Step 6: Dominance matrix: The numbers of dominating interactions will be summarised in the form of a dominance matrix, which gives the number of cases in which one ranking variable dominates or is being dominated by another ranking variable. The concept of a dominance matrix is taken from the fuzzy set techniques. The sum of rows gives the total number of cases in which the individual ranking variable(s) dominates all other ranking variables. The sum of a column indicates the total number of cases in which a particular ranking variable is being dominated by all other ranking variables. The difference of the number dominating in a column and the corresponding number being dominated in a row gives the net dominance for a ranking variable.

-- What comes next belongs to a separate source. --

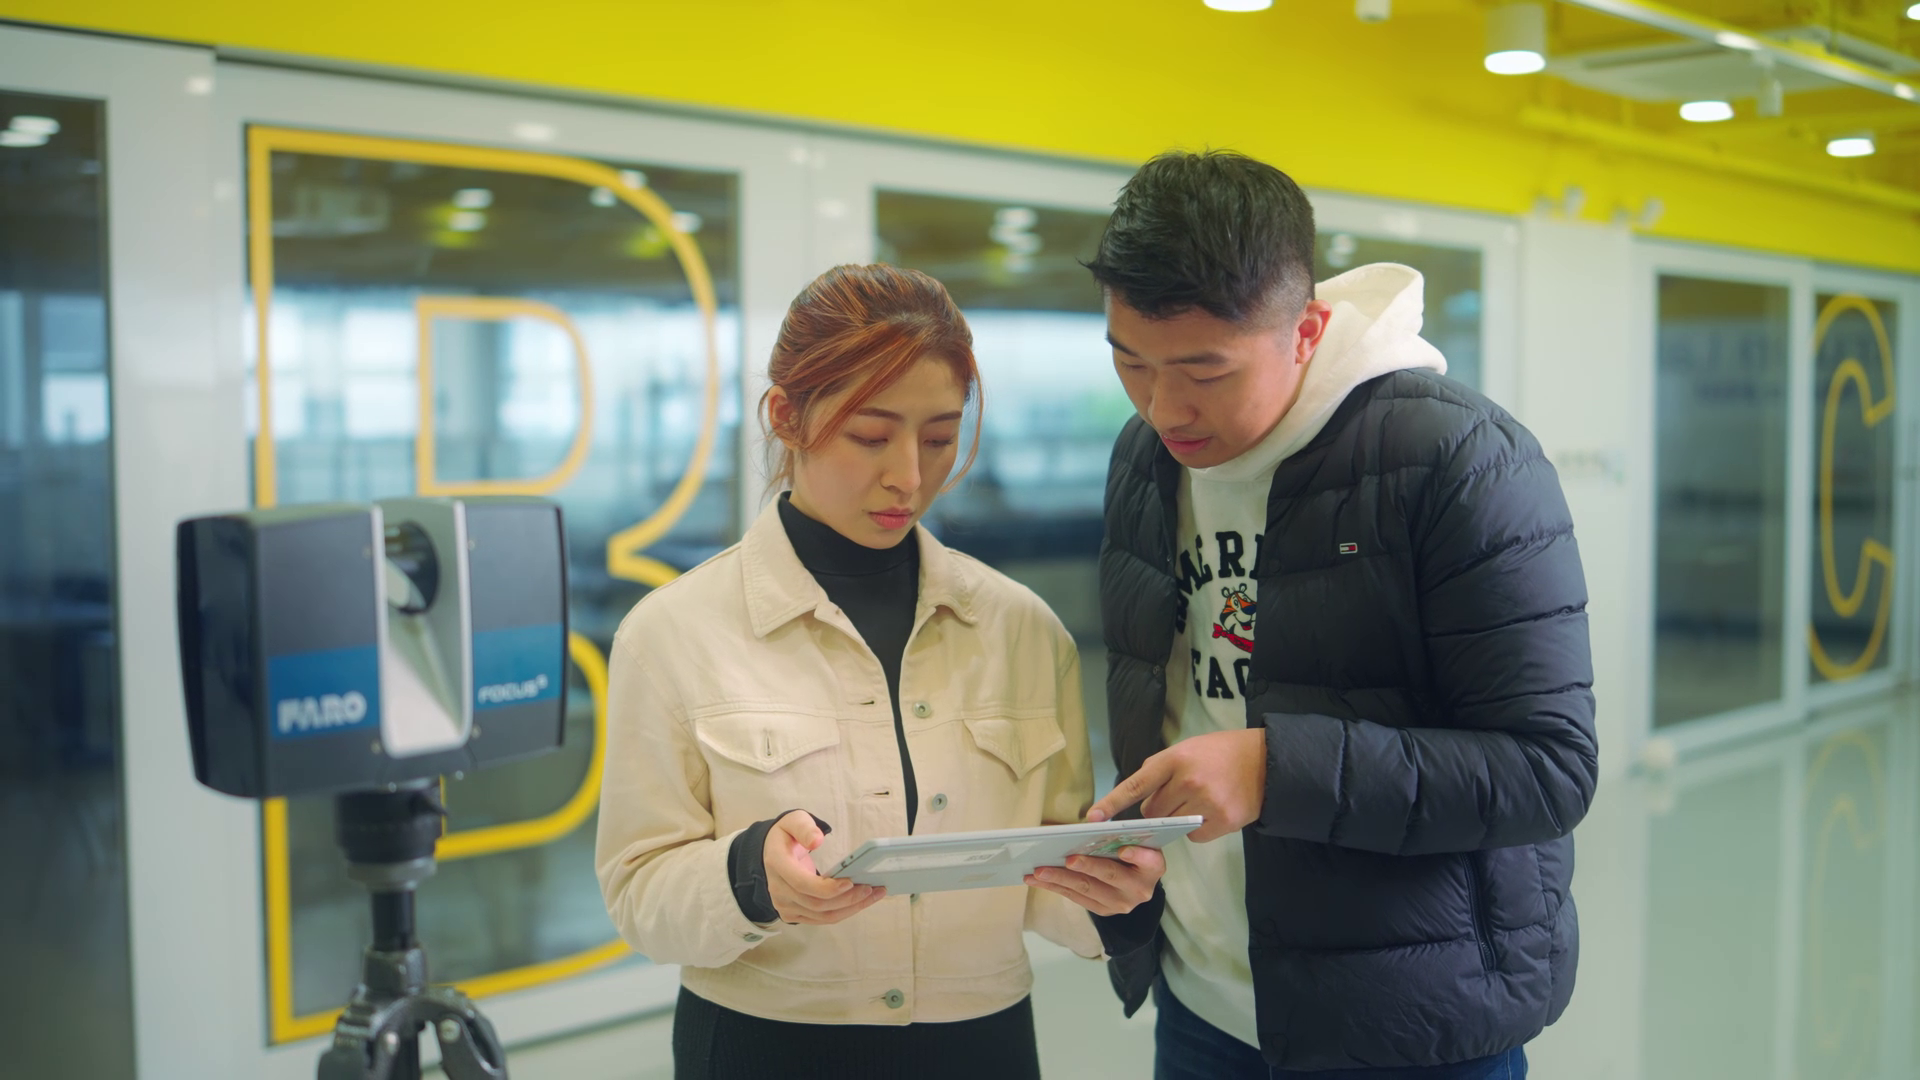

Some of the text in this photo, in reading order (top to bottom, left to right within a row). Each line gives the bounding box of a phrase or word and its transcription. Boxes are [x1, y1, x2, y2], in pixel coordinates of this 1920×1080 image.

[248, 126, 717, 1044] B
[1809, 294, 1895, 681] C
[278, 690, 367, 734] FARO

The positive net dominance will mean that the variable under consideration has more numbers dominating than being dominated, while the net negative dominance will suggest that the concerned variable is being dominated in a higher number of cases than dominating other variables. The variable having net positive dominance in the maximum number of cases is ranked 1, followed by lower numbers of dominance relationships. The variables with more negative net dominance will be ranked lower, as these are being dominated more by other variables.

Step 7: Interpretive ranking model: The ranks obtained will be diagrammatically represented in the form of an 'Interpretive Ranking Model’. This model displays the final ranks of the ranking variables.

The IRP application is presented and explained further in Chapter 6, with an illustration of ranking GBM elements with reference to various benefit areas.